When she runs away from people try to grab her, say no or whatever you say that tells her shes doing something wrong, and bring her to the person ( If you know them, or feel construable doing it) and make sure she relaxes by petting her and comforting her.
When she does relax, say good girl or her name and pet her ( It lets her know that you are OK and happy with her actions).

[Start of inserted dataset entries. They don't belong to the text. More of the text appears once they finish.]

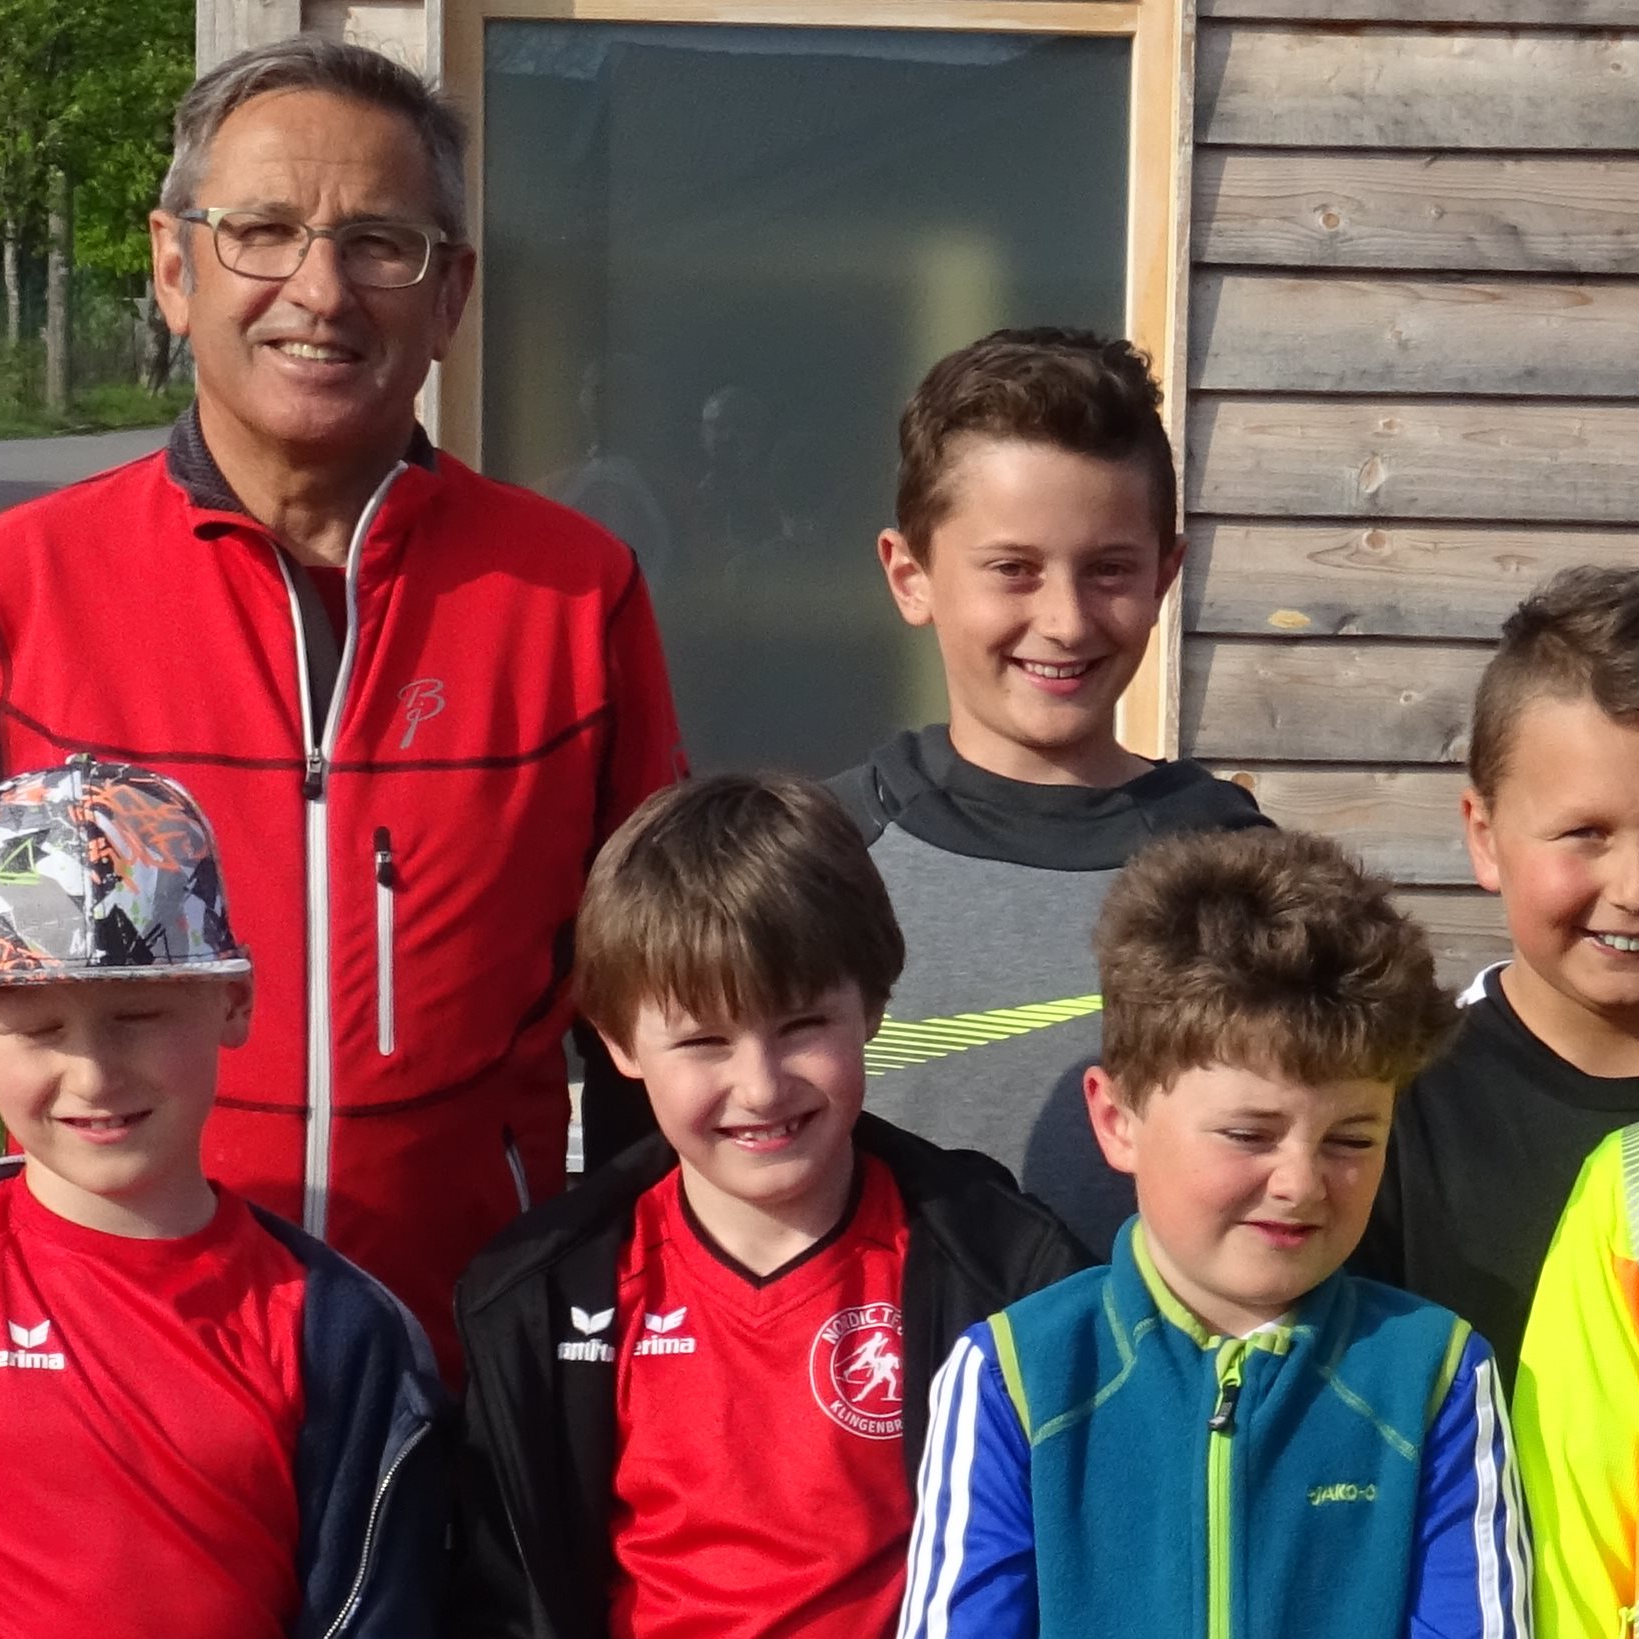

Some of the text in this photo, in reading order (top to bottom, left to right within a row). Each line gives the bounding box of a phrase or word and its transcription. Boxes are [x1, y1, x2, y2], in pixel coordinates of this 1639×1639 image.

[821, 1307, 903, 1346] NORDIC TE
[829, 1400, 904, 1433] KLINGENBR
[1307, 1483, 1376, 1506] JAKO-O
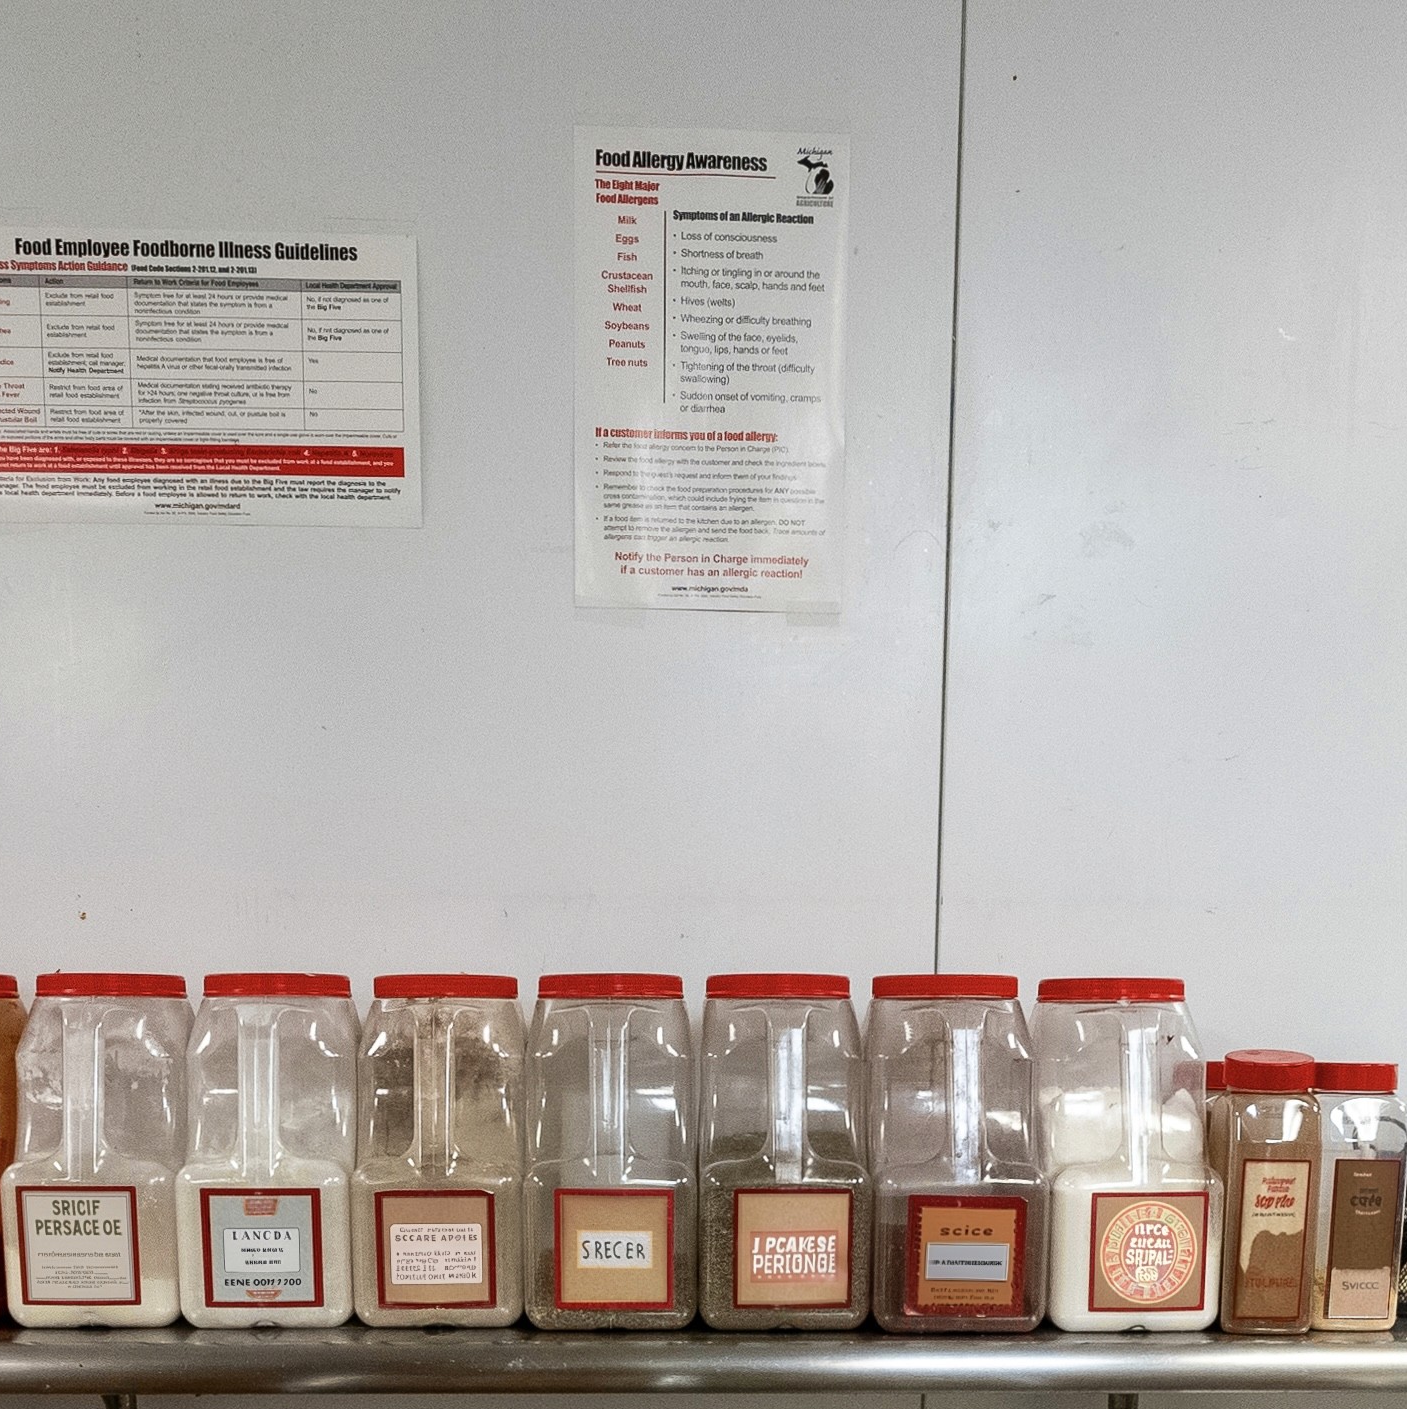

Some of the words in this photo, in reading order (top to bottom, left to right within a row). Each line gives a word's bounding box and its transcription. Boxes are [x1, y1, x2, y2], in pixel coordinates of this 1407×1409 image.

[595, 149, 630, 167] Food
[632, 150, 684, 171] Allergy
[686, 152, 768, 172] Awareness
[595, 179, 611, 189] The
[612, 180, 633, 191] Eight
[635, 181, 660, 192] Major
[596, 193, 616, 203] Food
[617, 194, 659, 205] Allergens
[617, 215, 637, 225] Milk
[673, 210, 718, 221] Symptoms
[719, 211, 729, 221] of
[729, 212, 740, 221] an
[741, 212, 775, 223] Allergic
[776, 213, 815, 224] Reaction
[615, 233, 640, 245] Eggs
[681, 231, 702, 241] Loss
[704, 232, 713, 241] of
[715, 233, 778, 243] consciousness
[15, 237, 52, 256] Food
[55, 239, 130, 258] Employee
[133, 240, 215, 258] Foodborne
[218, 241, 272, 259] Illness
[275, 242, 359, 261] Guidelines
[681, 249, 724, 259] Shortness
[726, 250, 735, 259] of
[736, 250, 764, 260] breath
[617, 252, 637, 261] Fish
[10, 260, 56, 271] Symptoms
[58, 261, 86, 271] Action
[87, 261, 129, 272] Guidance
[601, 270, 653, 281] Crustacean
[681, 266, 709, 278] Itching
[711, 269, 720, 277] or
[722, 268, 752, 279] tingling
[754, 269, 762, 277] in
[775, 270, 804, 279] around
[806, 270, 820, 279] the
[607, 284, 647, 294] Shellfish
[762, 281, 789, 291] hands
[790, 282, 806, 291] and
[808, 282, 825, 292] feet
[612, 302, 642, 312] Wheat
[681, 296, 705, 306] Hives
[604, 321, 650, 332] Soybeans
[681, 314, 723, 326] Wheezing
[725, 316, 734, 324] or
[772, 316, 812, 328] breathing
[718, 332, 726, 342] of
[728, 333, 742, 342] the
[608, 339, 646, 349] Peanuts
[606, 357, 626, 367] Tree
[627, 358, 648, 368] nuts
[595, 427, 602, 438] If
[609, 428, 653, 439] customer
[654, 429, 688, 440] informs
[689, 431, 705, 442] you
[706, 430, 716, 441] of
[724, 431, 744, 441] food
[745, 431, 778, 443] allergy:
[9, 446, 21, 454] Big
[614, 552, 644, 564] Notify
[646, 553, 662, 562] the
[664, 553, 698, 563] Person
[701, 554, 711, 563] in
[713, 554, 748, 566] Charge
[750, 554, 810, 567] immediately
[620, 564, 628, 574] if
[629, 567, 636, 575] a
[638, 567, 685, 576] customer
[687, 567, 705, 577] has
[707, 569, 720, 577] an
[722, 567, 758, 580] allergic
[760, 569, 803, 579] reaction!
[35, 1219, 100, 1236] PERSACE
[103, 1220, 122, 1236] OE
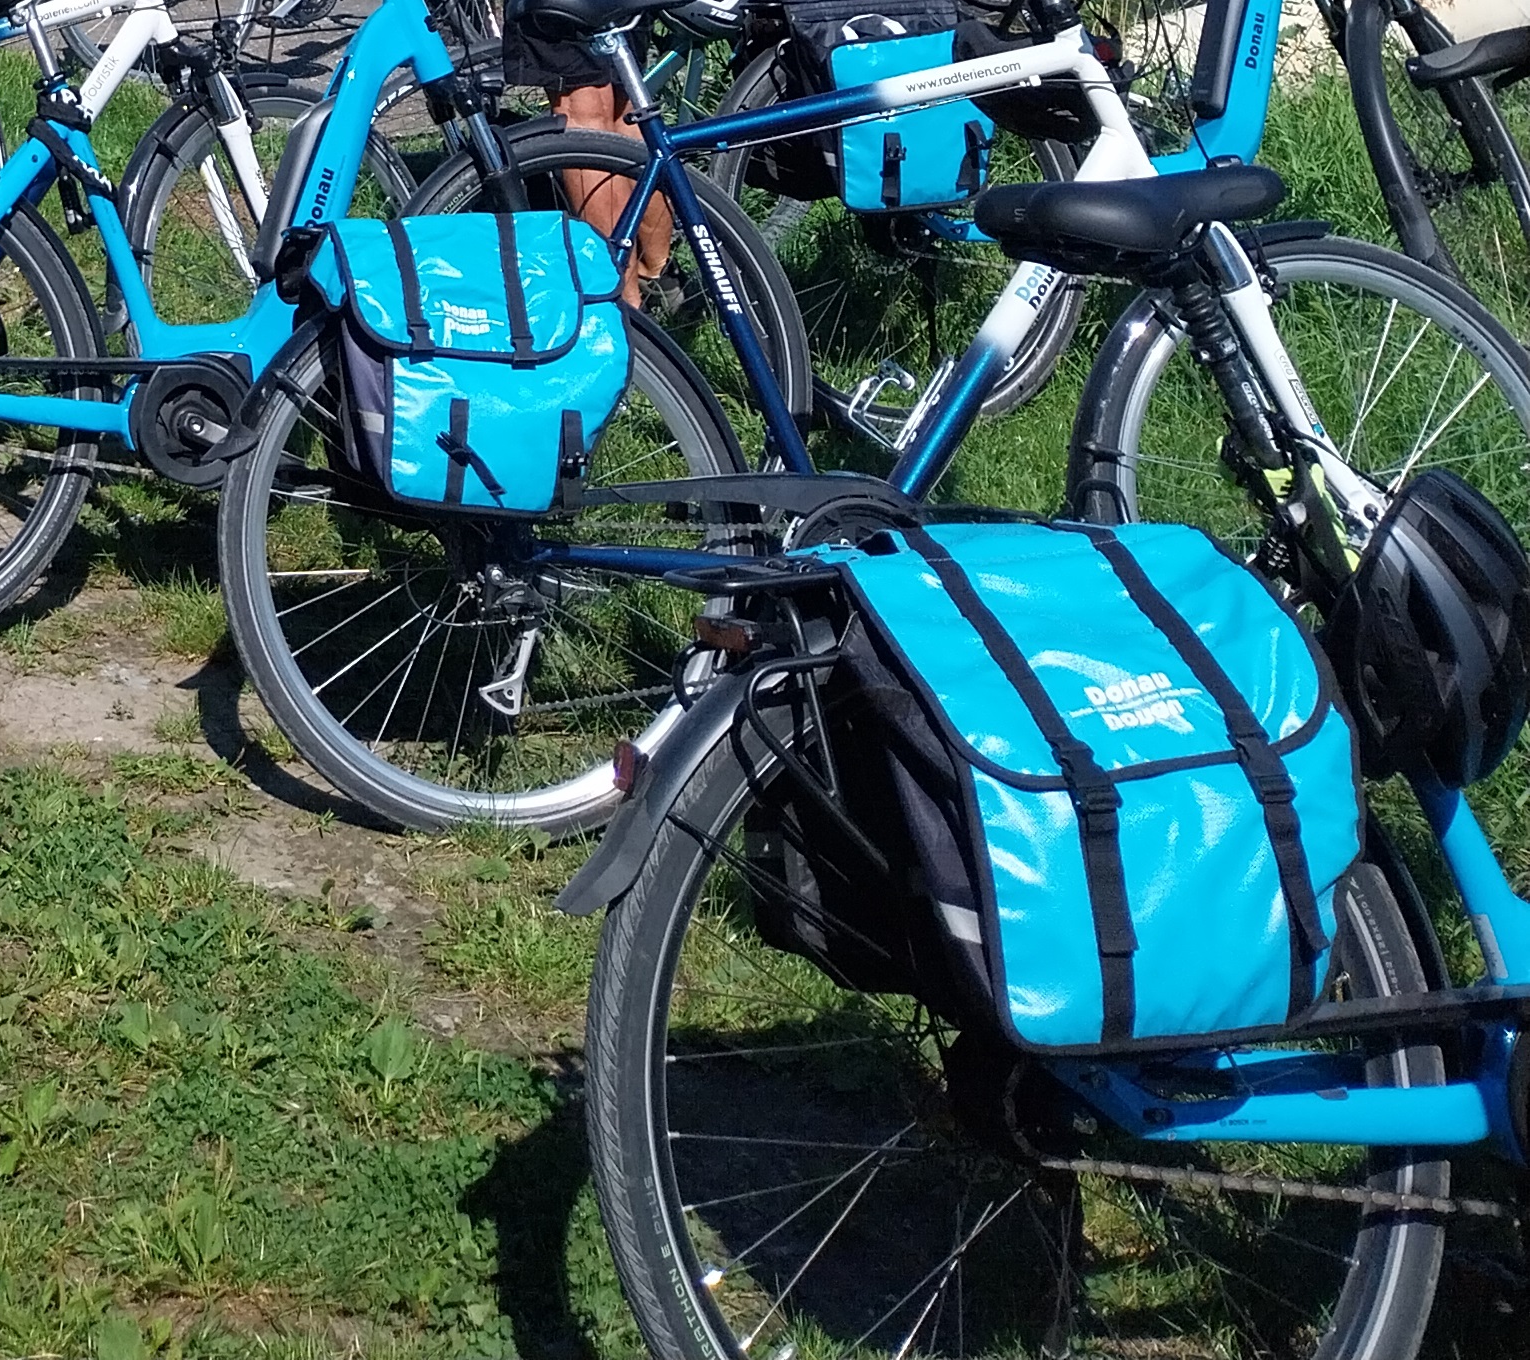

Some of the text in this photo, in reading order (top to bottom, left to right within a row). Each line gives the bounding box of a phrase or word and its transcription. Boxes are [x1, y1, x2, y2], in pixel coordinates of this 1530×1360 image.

[1245, 12, 1268, 70] Donau
[82, 55, 120, 103] Touristik
[907, 61, 1022, 93] www.radferien.com
[692, 224, 743, 314] SCHAUFF
[1014, 265, 1047, 301] Don
[1083, 672, 1172, 706] Donau

If you do it every chance you get it starts to become a habit and she will start to get used to people again. Hopefully it all works out! =D
Source(s): Had dogs all my lfe, and watched many shows like "Dog whisperer" and "It's Me or The Dog", "Animal Planet" - 1 decade ago
just give the beautiful little girl all the care and love you possibly can.
im sure all she ever wanted was for someone to hold her and love her :)
just give her all the love and care you can and she will be normal again i promise, because i to adopted a dog and now she is totally different. she went through the same thing your has.
now she lets everyone hold her and pet her.
i promise she will be a normal little girl again:) hope this helped AND GOOD LUCK WITH HER, BLESS YOU FOR ADOPTING!!!!!!!!!!